### Material for this exercise

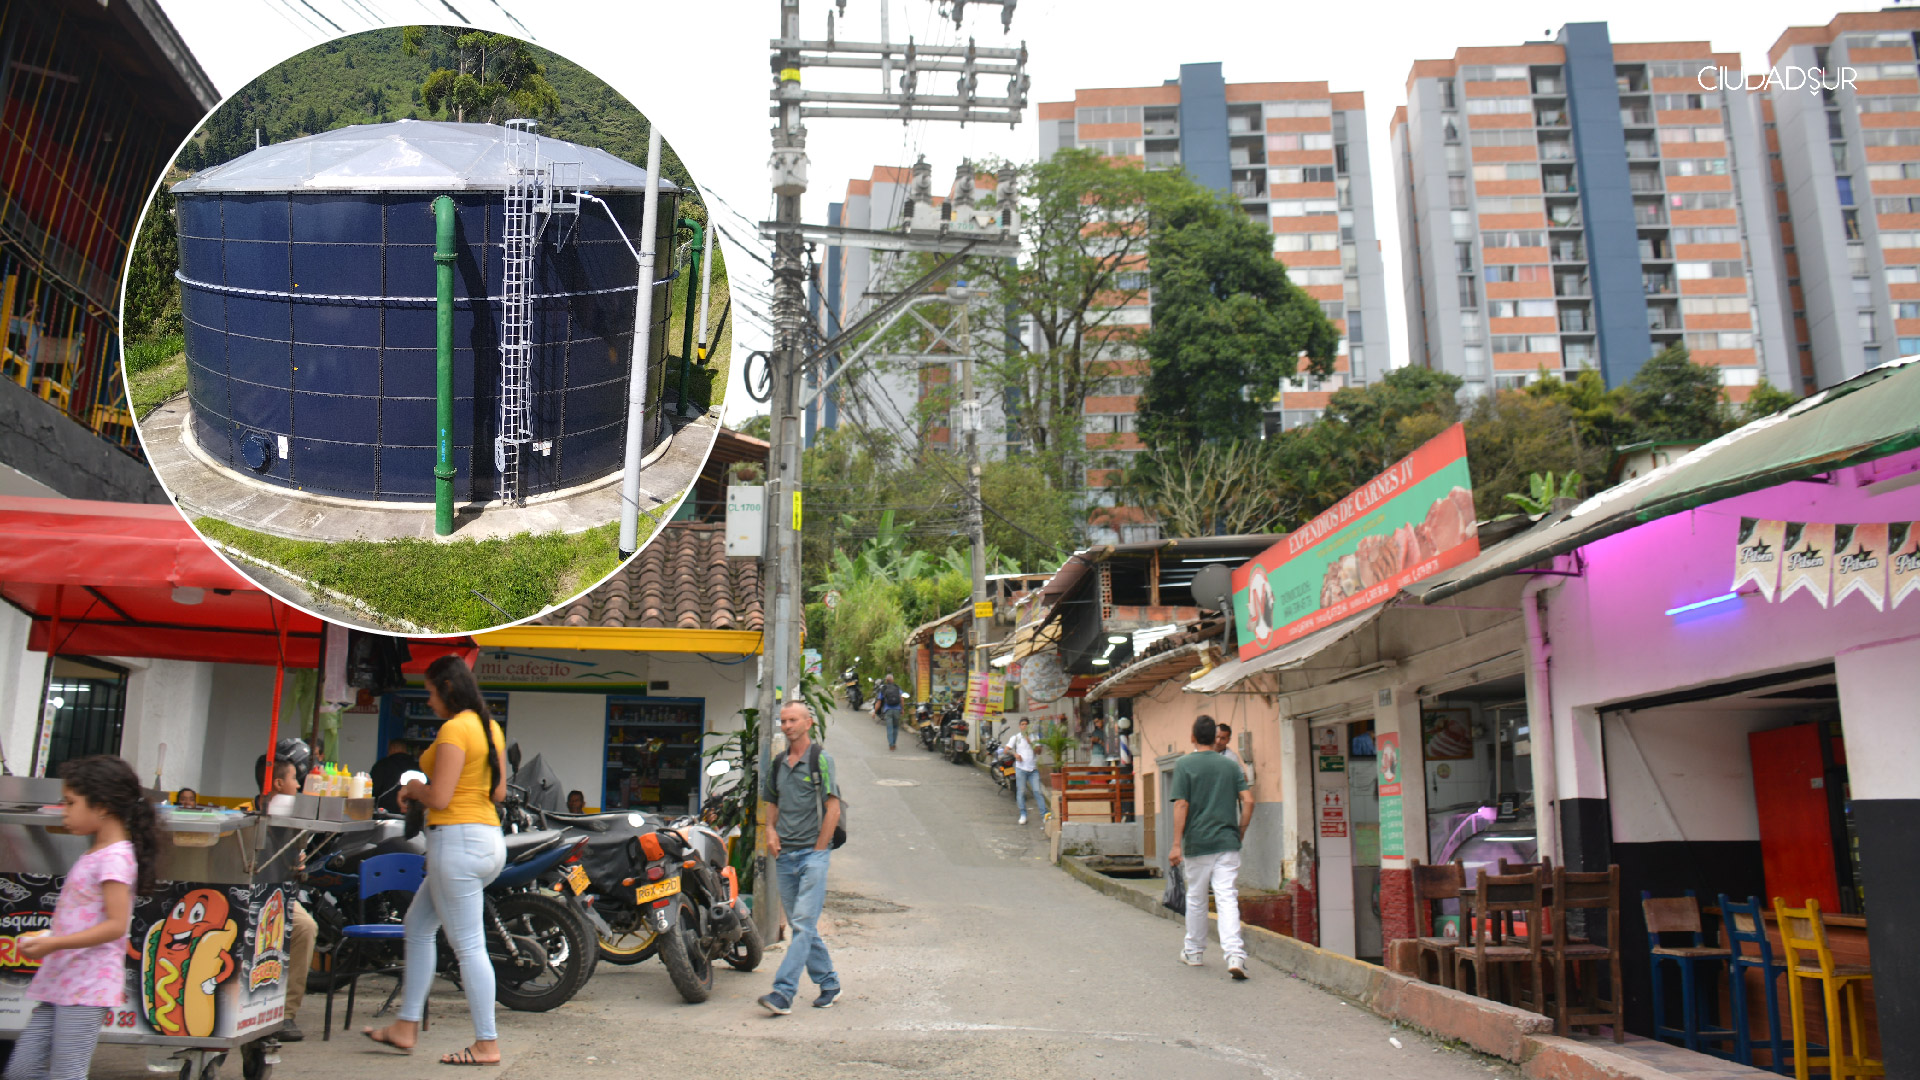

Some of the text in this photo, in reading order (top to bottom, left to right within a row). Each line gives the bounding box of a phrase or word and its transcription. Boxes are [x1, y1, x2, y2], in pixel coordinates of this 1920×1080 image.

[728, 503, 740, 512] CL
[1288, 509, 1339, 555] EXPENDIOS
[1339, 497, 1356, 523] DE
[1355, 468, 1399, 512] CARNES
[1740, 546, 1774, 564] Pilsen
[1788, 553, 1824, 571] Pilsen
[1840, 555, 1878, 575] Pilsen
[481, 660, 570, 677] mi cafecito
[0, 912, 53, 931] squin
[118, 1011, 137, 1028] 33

### Your objective
The whole listing above is to be printed exactly; the pictures stay out.

### Result for this exercise
Some of the text in this photo, in reading order (top to bottom, left to right within a row). Each line gives the bounding box of a phrase or word and its transcription. Boxes are [x1, y1, x2, y2], in pixel coordinates of this 1920×1080 image.

[728, 503, 740, 512] CL
[1288, 509, 1339, 555] EXPENDIOS
[1339, 497, 1356, 523] DE
[1355, 468, 1399, 512] CARNES
[1740, 546, 1774, 564] Pilsen
[1788, 553, 1824, 571] Pilsen
[1840, 555, 1878, 575] Pilsen
[481, 660, 570, 677] mi cafecito
[0, 912, 53, 931] squin
[118, 1011, 137, 1028] 33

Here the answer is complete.